Future prospective studies will have to be conducted with more patients and over an even longer period of time, evaluating the validity of our approach and our preliminary results in an independent patient sample on the one hand and the cost-benefit relation on the other hand. From an ethics point of view, however, one might argue that every fall that is avoided is a big benefit for the individual.
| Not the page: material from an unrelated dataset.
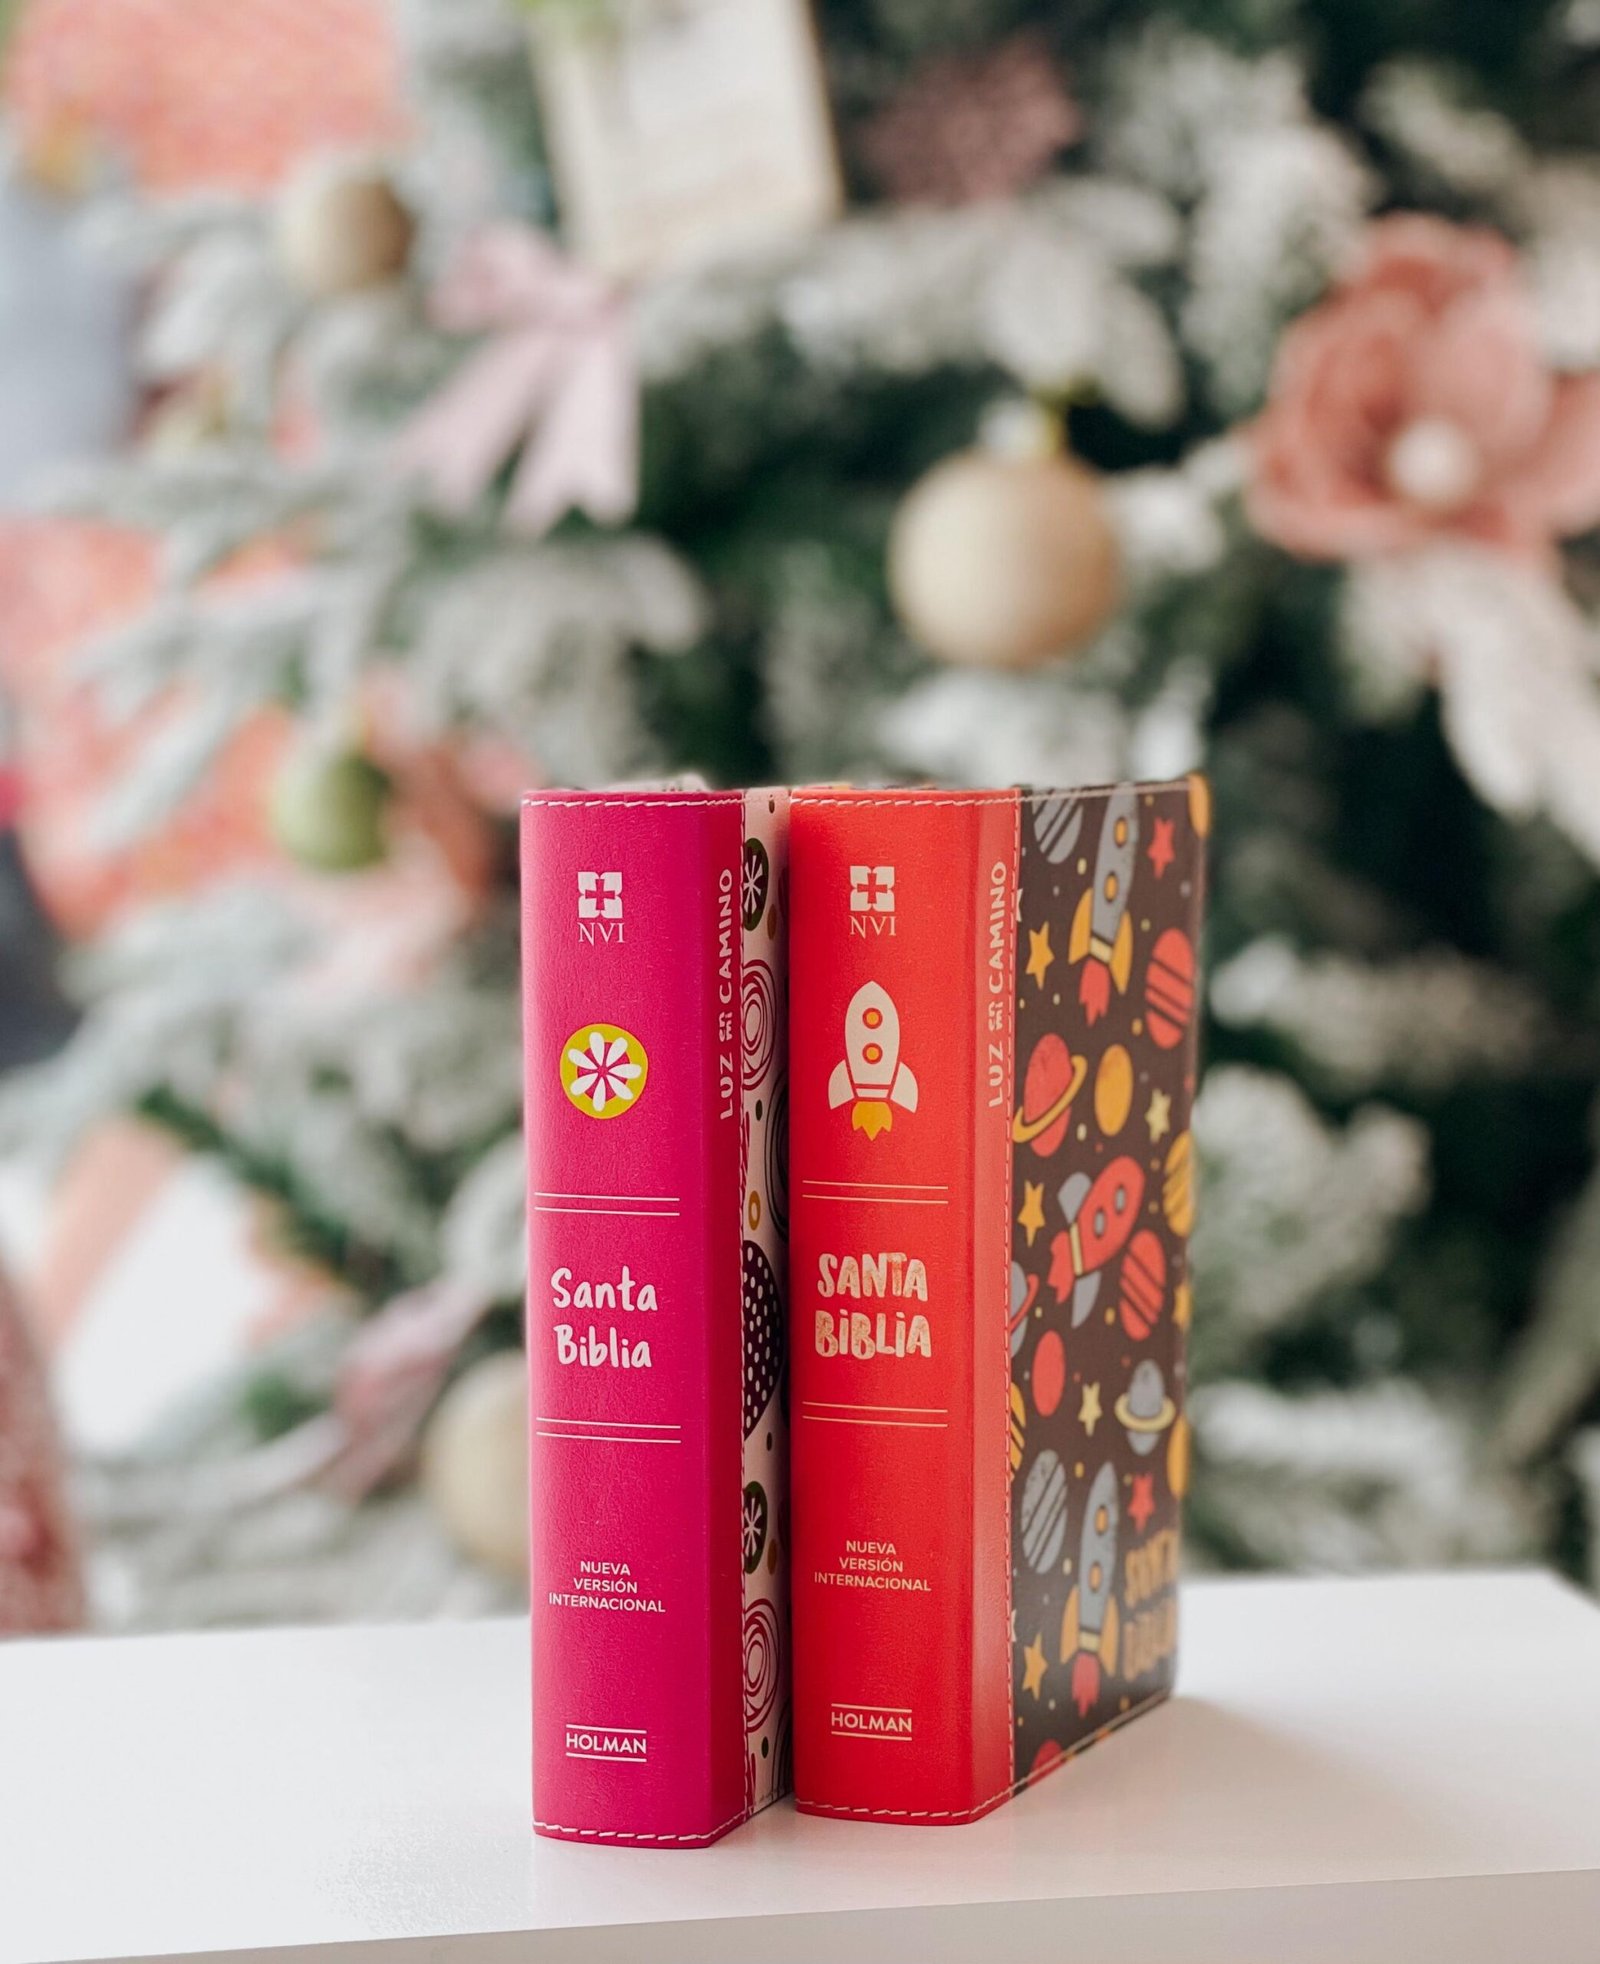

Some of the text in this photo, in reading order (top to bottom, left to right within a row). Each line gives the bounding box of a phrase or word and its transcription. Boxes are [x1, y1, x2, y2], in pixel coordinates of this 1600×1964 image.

From a technical point of view, more research work is needed to look into the potential predictive parameters that can be extracted from sensor data [
31]. Furthermore, in this study we have not considered any information from the patients' electronic health records (EHRs) [
32], such as diagnoses or additional history. Considering the multi-factorial aetiology of falls [
33], our sensor-based information may well be used in combination with resp. as supplement to conventional geriatric assessment tools and other clinical data.
Limitations
Our sample size is small and this - in comparison with large trials evaluating the conventional methods-limits the generalizability of our results. So does the fact that, due to the sample size, we cannot use separate training and test data sets for model induction. Nevertheless, we have chosen a well-established procedure to avoid over-fitting of our models, namely ten times, ten-fold cross-validation. The necessity for written consent to be returned by the patients via surface mail may have led to the exclusion of persons with cognitive impairments, even though consent by a third party was an option. Furthermore, in our follow-up study telephone interviews were used to identify fall events. This approach is error-prone, as many factors (e.g. cognitive impairment) may affect the recall of such events. In addition to this, considering the group of patients, within a period of twelve months risk factors may have changed significantly. Therefore, daily recordings as well as more frequent interviews, e.g. on a monthly basis as recommended in ProFaNE consensus criteria recommendation no.7 [
22], might have reduced the error rate, but have not been performed due to a lack of resources. Hence, in our future prospective studies, we will include a more stringent monitoring approach.
From an economic perspective, it remains unclear if the prediction results are good enough to justify the implementation of costly preventive measures for the false positives [
5]. A cost-benefit analysis should be conducted, comparing direct and indirect costs of fall events with those of preventive measures. Furthermore, despite promising preliminary studies (e.g. [
34‐
36]), the patients' acceptance of long-term monitoring should be assessed, e.g. using the
Sensor Acceptance Model[
37].
Competing interests
The authors declare that they have no competing interests.
Authors' contributions
MM supervised the study, carried out the data analysis and drafted the manuscript. AR designed and conducted the telephone interviews. KHW participated in drafting the study protocol. MG conducted the sensor data measurements and participated in the data analysis. GN performed the geriatric assessment tests and participated in drafting the study protocol. HMZS conceived of the study and participated in its coordination. MS participated in the data analysis and the computation of performance values. All authors read and approved the final manuscript.